• _DESCRIPTION OF THE TASK_
Set down all of the records exactly, leaving none out.

• _SOURCE RECORDS_

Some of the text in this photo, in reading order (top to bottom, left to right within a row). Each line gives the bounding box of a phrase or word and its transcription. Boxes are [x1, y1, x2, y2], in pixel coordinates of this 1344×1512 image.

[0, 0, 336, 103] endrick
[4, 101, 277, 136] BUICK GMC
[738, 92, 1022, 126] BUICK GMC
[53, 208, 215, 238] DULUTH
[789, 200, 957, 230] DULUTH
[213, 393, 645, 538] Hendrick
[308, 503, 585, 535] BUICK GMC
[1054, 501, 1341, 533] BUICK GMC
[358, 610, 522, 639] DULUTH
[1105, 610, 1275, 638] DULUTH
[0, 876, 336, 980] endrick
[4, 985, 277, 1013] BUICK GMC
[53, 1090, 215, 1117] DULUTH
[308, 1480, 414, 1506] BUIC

• _WRITTEN SOLUTION_
Some of the text in this photo, in reading order (top to bottom, left to right within a row). Each line gives the bounding box of a phrase or word and its transcription. Boxes are [x1, y1, x2, y2], in pixel coordinates of this 1344×1512 image.

[0, 0, 336, 103] endrick
[4, 101, 277, 136] BUICK GMC
[738, 92, 1022, 126] BUICK GMC
[53, 208, 215, 238] DULUTH
[789, 200, 957, 230] DULUTH
[213, 393, 645, 538] Hendrick
[308, 503, 585, 535] BUICK GMC
[1054, 501, 1341, 533] BUICK GMC
[358, 610, 522, 639] DULUTH
[1105, 610, 1275, 638] DULUTH
[0, 876, 336, 980] endrick
[4, 985, 277, 1013] BUICK GMC
[53, 1090, 215, 1117] DULUTH
[308, 1480, 414, 1506] BUIC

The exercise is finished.